ListElem objects maintain a pointer to the predecessor and
successor in the list along with a pointer to an Element
object. Structure operations manipulate
_current to
keep track of the point in the traversal. For example:
class Structure {
// ...
virtual void first (Cursor& c) {
c.current(_head); // _head is the head of the linked list,
// which Structure keeps internally
}
virtual bool more (Cursor& c) {
return c.current()->_next != 0;
}
virtual void next (Cursor& c) {
c.current(c.current()->_next); // set current to next ListElem*
}
virtual Element& element (Cursor& c) {
return c.current()->_element;
}
// ...
};
In sum, the Memento pattern lets the structure furrow away just enough
sensitive information in the Cursor memento to mark the
current stage of a traversal.
Connoisseurs of friend may notice a potentially serious
shortcoming of this approach. Because friendship isn't inherited, a
Substructure subclass of
Structure doesn't have the
access privileges of its parent. In other words,
Substructure code can't access
Cursor's secret
interface.
This is no big deal if Substructure merely inherits it
cursor-handling operations from Structure. But if it needs
to override them or to implement other cursor-dependent functionality,
it won't be able to call the private Cursor operations.
Suppose Substructure keeps its own linked list of subelements
that should be included in traversals. In other words, when
next reaches the end of
Structure's linked list, it
advances to the head of Substructure's list transparently.
That'll require overriding next and setting the cursor's
_current member appropriately.
One work-around would be to define protected operations in
Structure that parallel
Cursor's interface, except
that they delegate their implementation to a cursor:
class Structure {
// ...
protected:
ListElem* current (Cursor& c) { return c.current(); }
void current (Cursor& c, ListElem* e) { c.current(e); }
// ...
};
That effectively extends
Structure's privileges to its
subclasses. But parallel interfaces are usually a mistake; they're
ugly, they're redundant, and they make changing an interface that much
more work. If we can avoid doing it---or better yet, avoid
friend altogether---we'll probably end up thanking ourselves
in the long run.
EVENT'S LOSS IS CURSOR'S GAIN
Here's where we turn a design bug into a feature. I even have a name
for it: "type laundering." The idea is to define an abstract base
class for Cursor that includes only those aspects of its
interface that should be public, which in this case is just the
destructor:
class Cursor {
public:
virtual ~Cursor () { }
protected:
Cursor () { }
};
We protect the constructor to preclude instantiation, that is, to
ensure Cursor acts as an abstract class. We could do the
same thing merely by declaring the destructor pure virtual, but that
forces subclasses to define the destructor even if they don't need to.

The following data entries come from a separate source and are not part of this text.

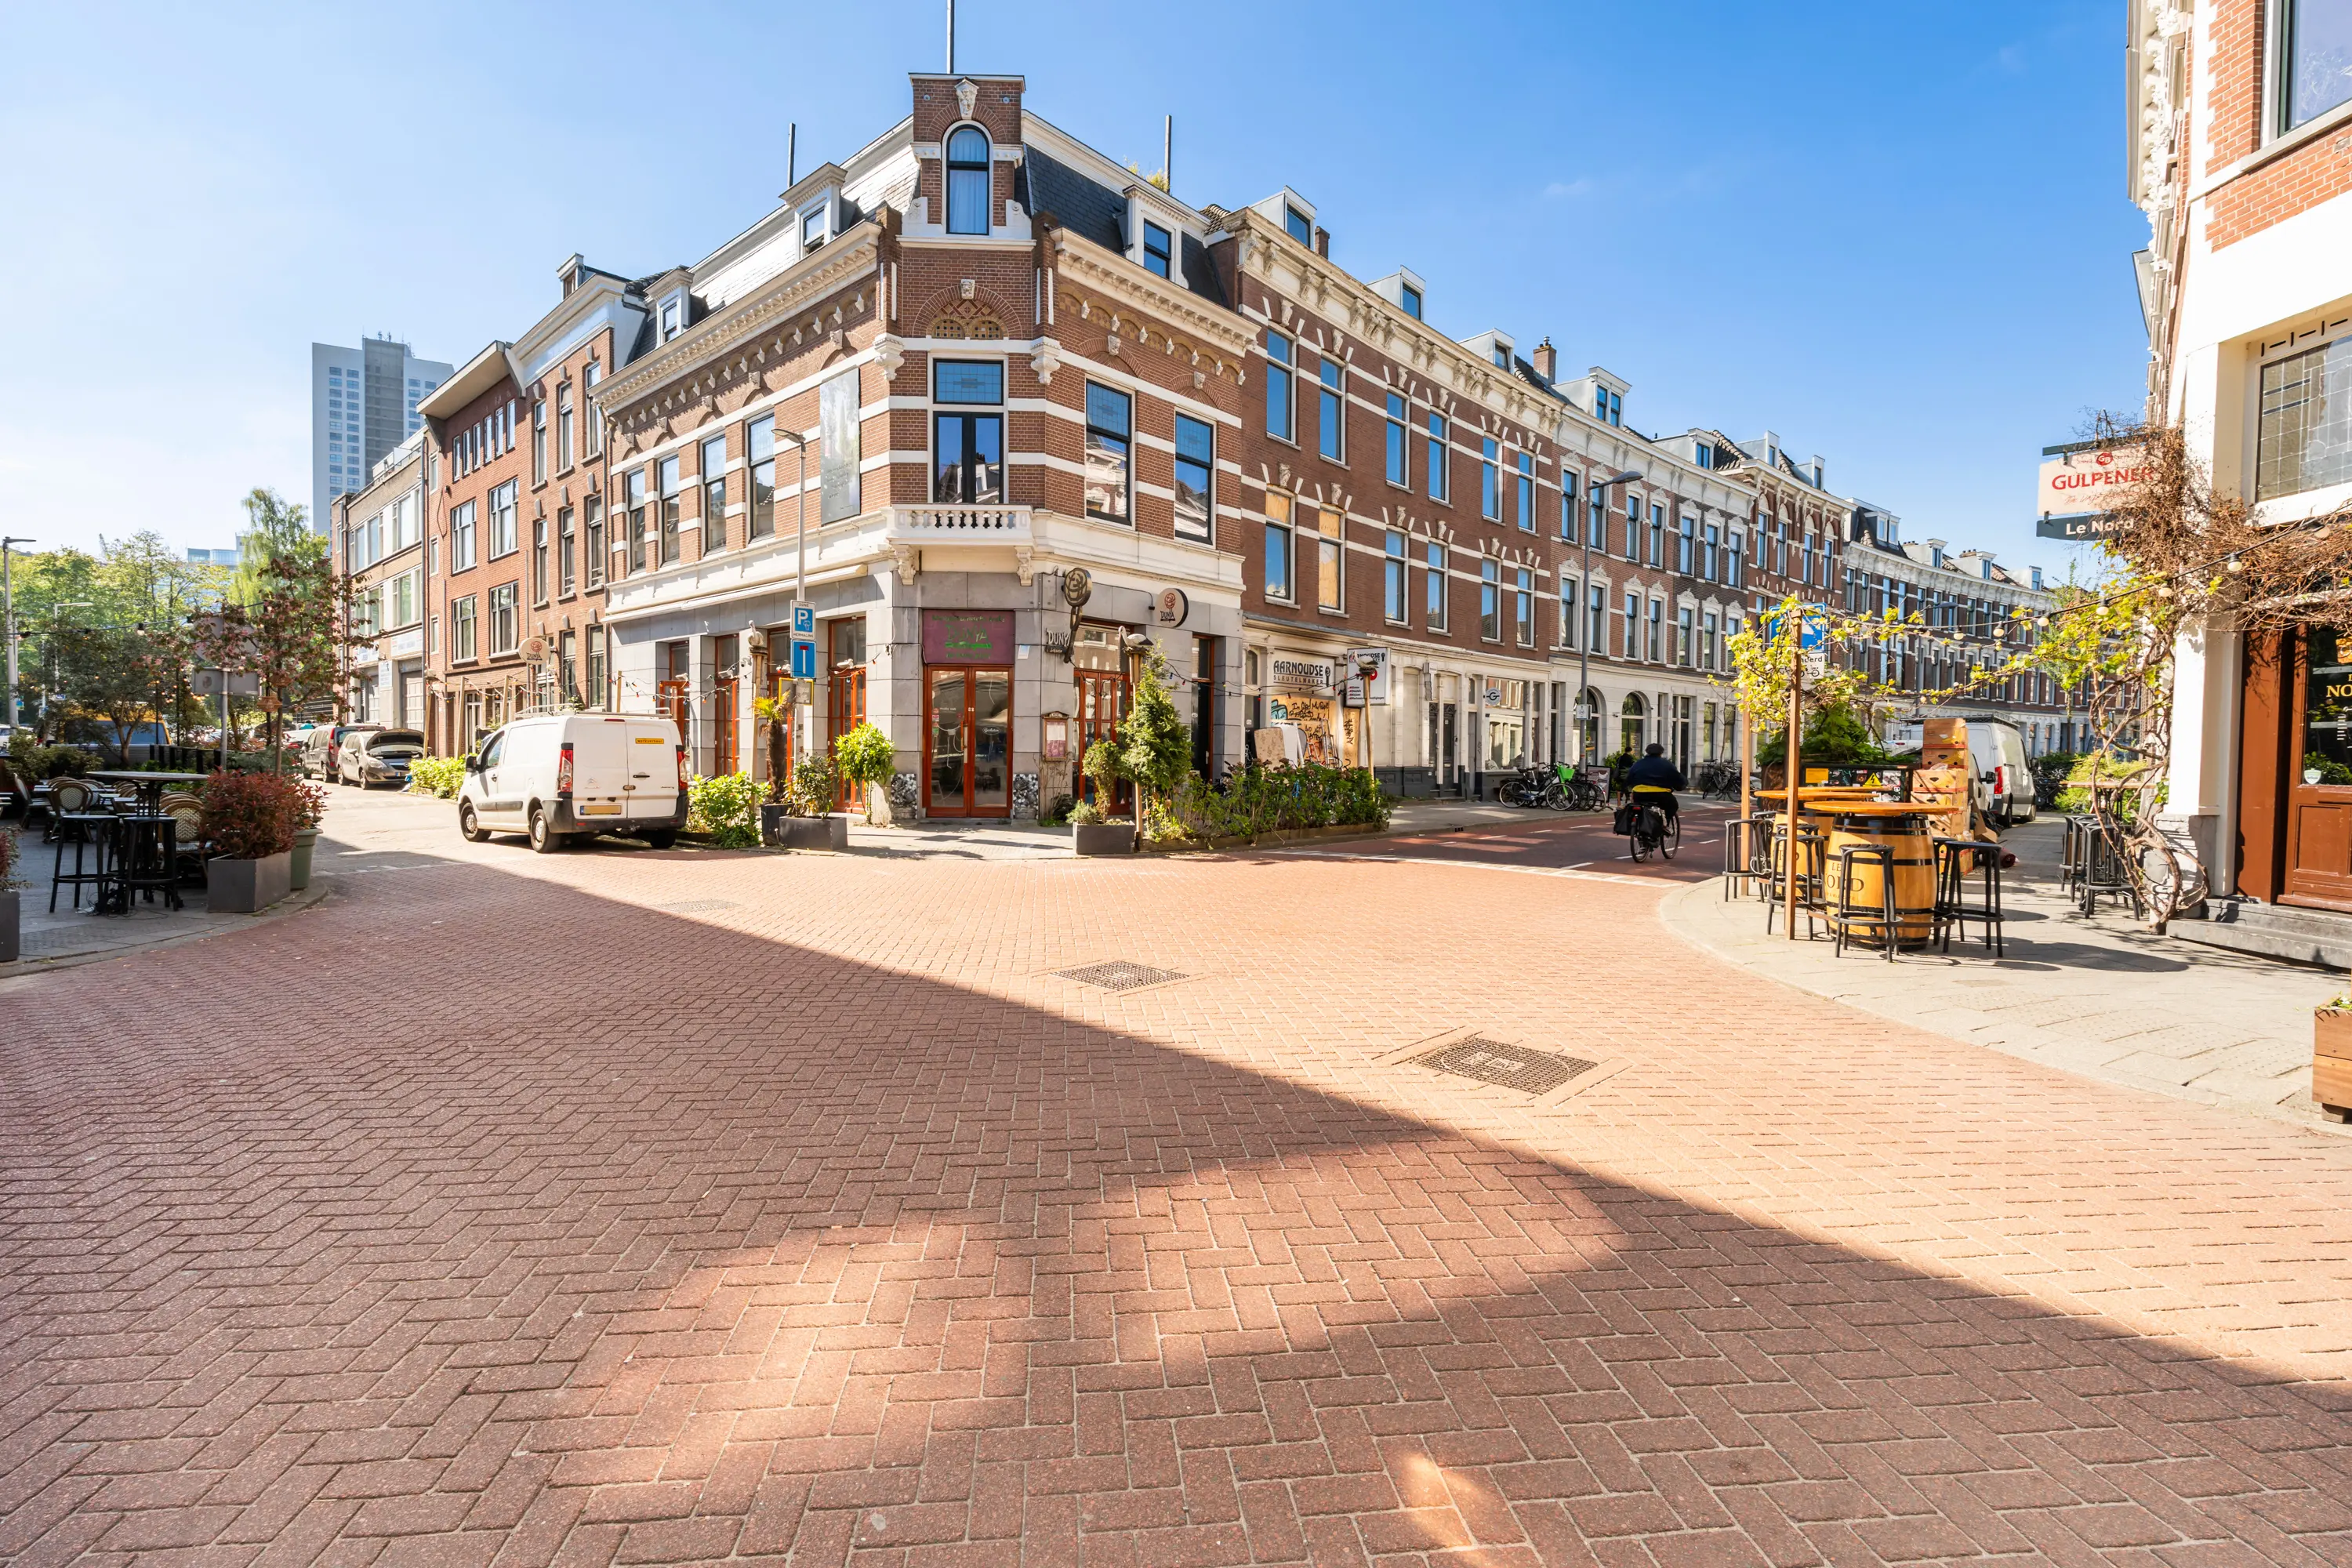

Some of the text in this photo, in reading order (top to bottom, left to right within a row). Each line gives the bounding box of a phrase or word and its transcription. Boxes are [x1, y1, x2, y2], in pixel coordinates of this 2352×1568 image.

[2052, 466, 2154, 490] GULPENER
[2066, 519, 2134, 535] Le Nord
[797, 610, 808, 625] P
[1273, 660, 1323, 677] AARNOUDSE
[1273, 675, 1323, 684] SLEUTELMAKER

Either way, subclasses define the privileged interface:
class ListCursor : public Cursor {
public:
ListCursor () { _current = 0; }
ListElem* current () { return _current; }
void current (ListElem* e) { _current = e; }
private:
ListElem* _current;
};
This arrangement means that
Structure operations that take a
Cursor as an argument must downcast it to a
ListCursor before they can access the extended interface:
class Structure {
// ...
virtual void first (Cursor& c) {
ListCursor* lc;
if (lc = dynamic_cast<ListCursor*>(&c)) {
lc->current(_head); // _head is the head of the linked list,
// which Structure keeps internally
}
}
// ...
};
The dynamic cast ensures that the structure will access and modify
ListCursor objects and only
ListCursor objects.
The final flourish to this design is how cursors get instantiated.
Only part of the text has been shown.